Crucially, the ICO found that the breach was preventable. DPP had failed to implement what, in the eyes of the Authority, are seen as common best-practices and measures such as limiting administrative access, conducting access reviews, or deactivating dormant accounts. These were not advanced security controls, but rather routine actions the ICO described as “straightforward” and that “could have been implemented prior to the incident at minimal cost”.

Furthermore, DPP did not initially treat the incident caused by the ransomware attack as a reportable breach, misunderstanding that the loss of access—alone—constitutes a personal data breach under the UK GDPR. As a result, notification to the ICO occurred 43 days after DPP became aware of the incident, far beyond the 72-hour reporting window under Article 33.

Recurring Failures and Key Lessons Across Cases

Despite the differences in sector—IT services, biotech, and legal—these cases revealed shared weaknesses in fundamental data protection practices. At the same time, according to the ICO such weaknesses must be addressed also as best practices:

  • Multifactor Authentication (MFA) was either not used or inconsistently applied, despite being a long-established industry standard. The ICO expects MFA as a minimum safeguard, especially for administrator and customer-facing accounts.
  • Mismanagement of administrator accounts, especially dormant or legacy ones.
  • Data retention and minimisation policies were either absent or ignored particularly for special category data.
  • Patch management and vulnerability scanning was neglected, allowing known exploits to remain unaddressed. .
  • Risk assessments were missing or superficial, even where high risk processing activities were performed.
  • Breach monitoring, detection, and response to unauthorised access or system anomalies were weak or delayed

In each case, the ICO underlined that these failings were avoidable.
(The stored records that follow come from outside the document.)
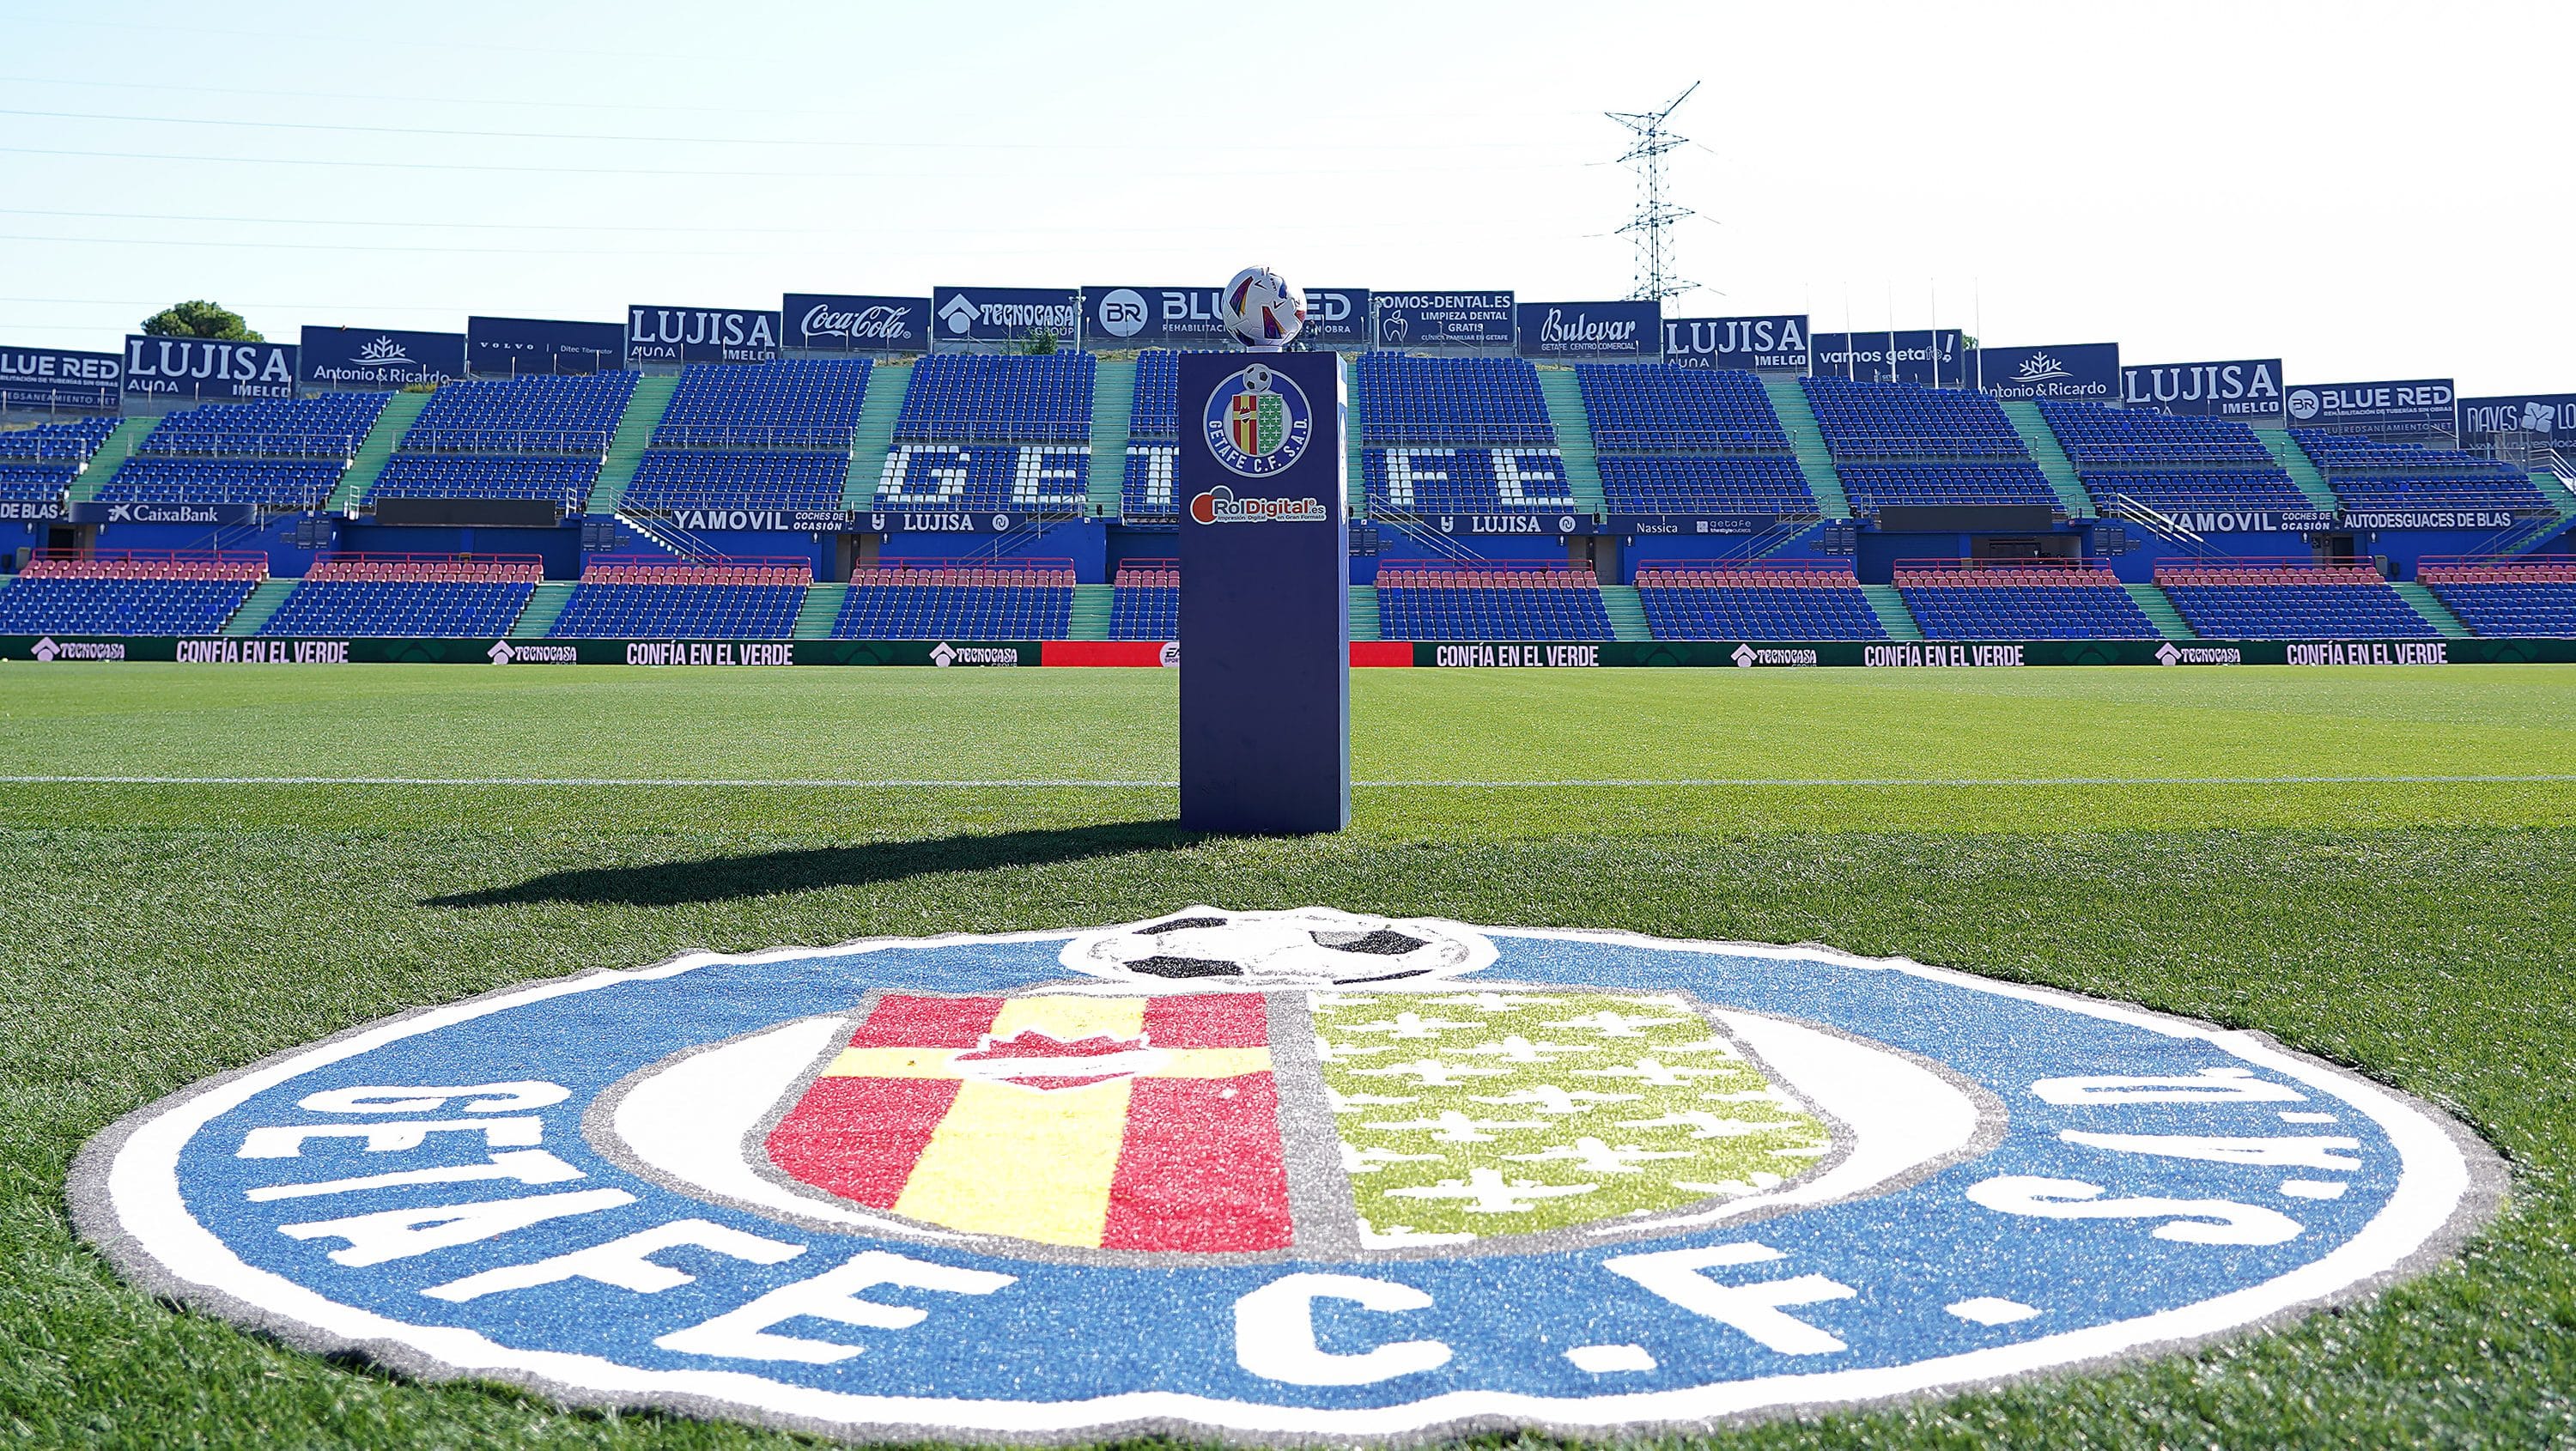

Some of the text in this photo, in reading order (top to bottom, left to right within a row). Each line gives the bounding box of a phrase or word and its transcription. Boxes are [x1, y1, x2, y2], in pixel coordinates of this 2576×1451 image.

[980, 303, 1074, 326] TECNOCASA
[1305, 294, 1352, 321] ED
[1421, 312, 1508, 320] LIMPIEZA DENTAL
[631, 310, 775, 347] LUJISA
[800, 304, 912, 338] Coca-Cola
[1448, 323, 1484, 332] GRATIS
[1540, 307, 1636, 343] Bulevar
[1666, 319, 1806, 355] LUJISA
[480, 342, 534, 351] VOLVO
[128, 340, 290, 383] LUJISA
[1755, 355, 1807, 366] IMELCO
[1820, 350, 1882, 363] vamos
[62, 357, 120, 379] RED
[313, 366, 373, 381] Antonio
[390, 367, 450, 384] Ricardo
[1980, 381, 2107, 398] Antonio & Ricardo
[2125, 364, 2279, 404] LUJISA
[2321, 389, 2391, 410] BLUE
[2397, 386, 2452, 406] RED
[2222, 401, 2279, 414] IMELCO
[2467, 404, 2576, 433] NAVES LO
[1208, 418, 1308, 472] GETAFE C.F. S.A.D.
[1, 503, 58, 519] DE BLAS
[133, 504, 219, 522] CaixaBank
[795, 512, 831, 520] COCHES
[673, 511, 789, 530] YAMOVIL
[793, 520, 842, 531] OCASIÓN
[903, 514, 975, 531] LUJISA
[1472, 516, 1542, 532] LUJISA
[1637, 517, 1678, 533] Nassica
[1710, 519, 1752, 528] getafe
[2161, 513, 2277, 531] YAMOVIL
[2281, 521, 2330, 531] OCASIÓN
[2344, 513, 2512, 528] AUTODESGUACES DE BLAS
[60, 642, 125, 659] TECNOCASA
[176, 638, 350, 664] CONFÍA EN EL VERDE
[514, 646, 577, 661] TECNOCASA
[626, 640, 794, 666] CONFÍA EN EL VERDE
[957, 648, 1018, 663] TECNOCASA
[1436, 642, 1600, 667] CONFÍA EN EL VERDE
[1757, 650, 1817, 664] TECNOCASA
[1863, 642, 2026, 667] CONFÍA EN EL VERDE
[2181, 648, 2241, 663] TECNOCASA
[2286, 640, 2448, 666] CONFÍA EN EL VERDE
[235, 1078, 1019, 1365] GETAFE
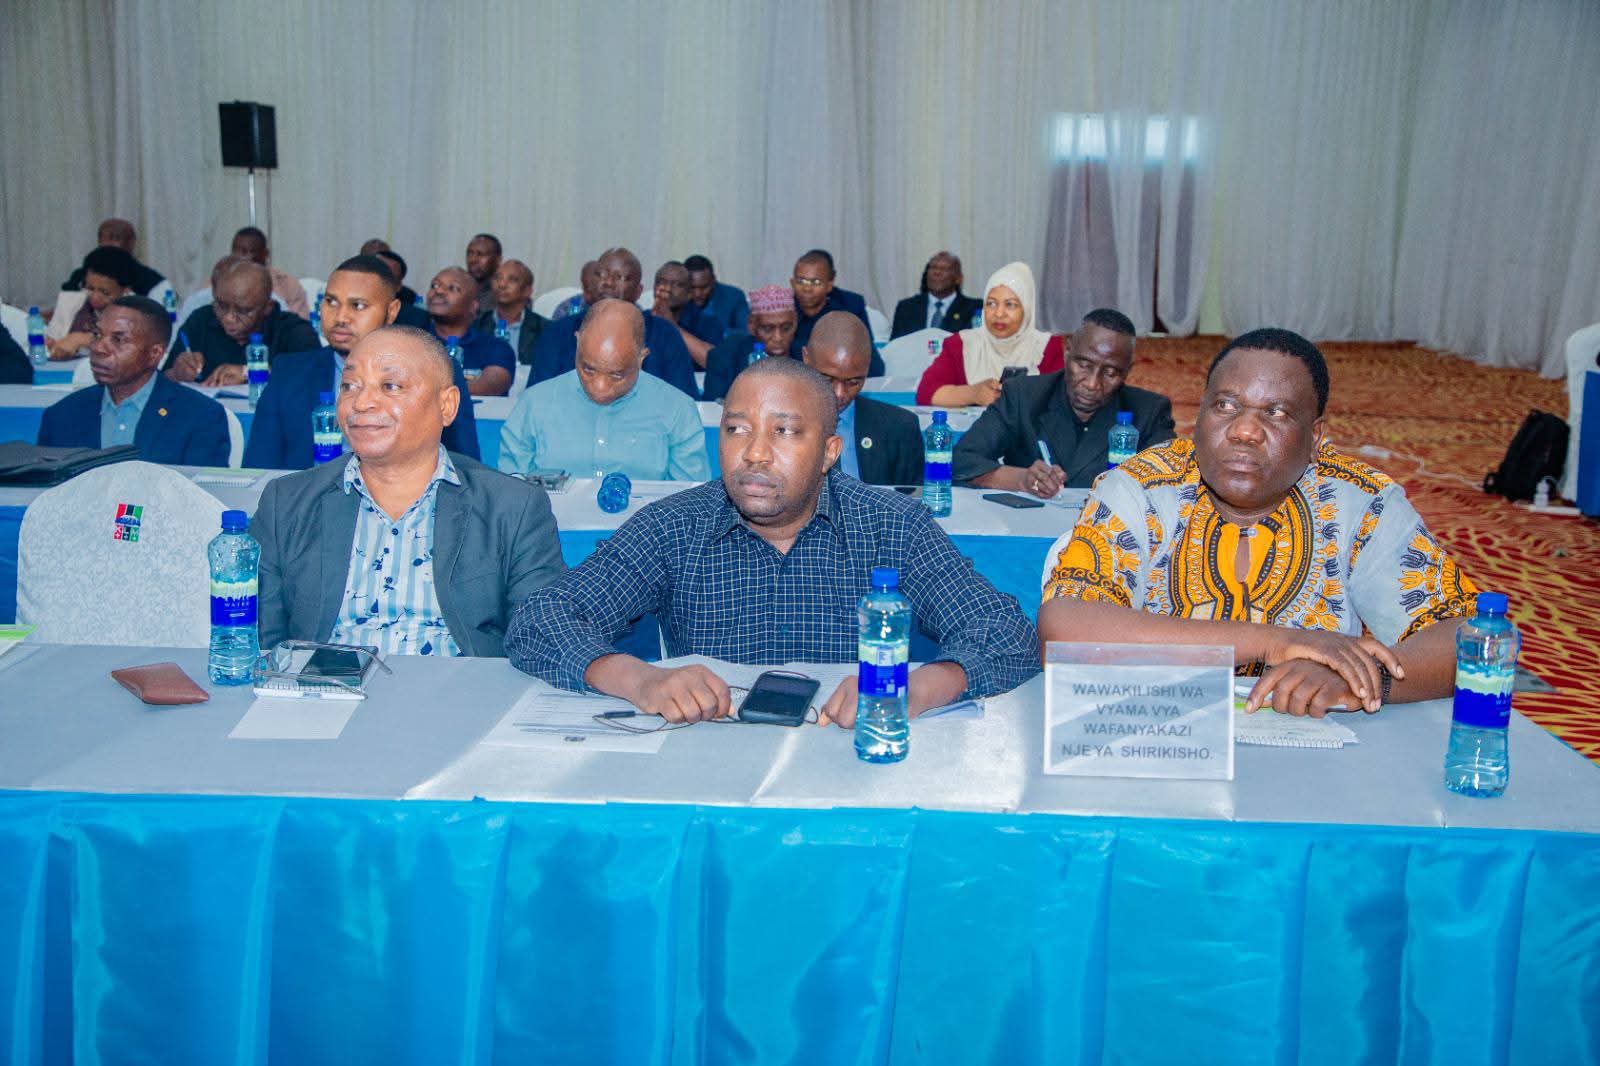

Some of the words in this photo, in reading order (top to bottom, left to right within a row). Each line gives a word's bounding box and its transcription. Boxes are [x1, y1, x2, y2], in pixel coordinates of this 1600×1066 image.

Organisations are expected to take proactive, risk-based measures to comply with Articles 32 UK GDPR, not simply respond after the fact.

Case Takeaways

Each case demonstrates that the ICO expects organisations to adopt not just basic technical measures, but a strategic and well-documented approach to data governance.

  • Basic security measures like MFA, patching, and monitoring are non-negotiable.
  • DPIAs must be real tools for risk analysis—not box-ticking exercises.
  • Breach response plans must be operational, not theoretical.

Accountability must be embedded in governance, with privacy professionals empowered to act—not sidelined.

If your organisation processes sensitive data or operates in a high-risk sector, these cases offer an unambiguous message: regulatory tolerance for basic security lapses is diminishing. The ICO’s decisions are not simply punitive—they are intended as sector-wide guidance for what “appropriate” measures look like in practice. Learning from others’ mistakes is not just prudent; it may be essential to avoiding the next enforcement notice.

These cases reinforce the value of embedding qualified privacy expertise within organisations. Whether via a designated Data Protection Officer or retained legal counsel, companies must ensure that data protection is not siloed, but woven into IT strategy, operational planning, and incident response.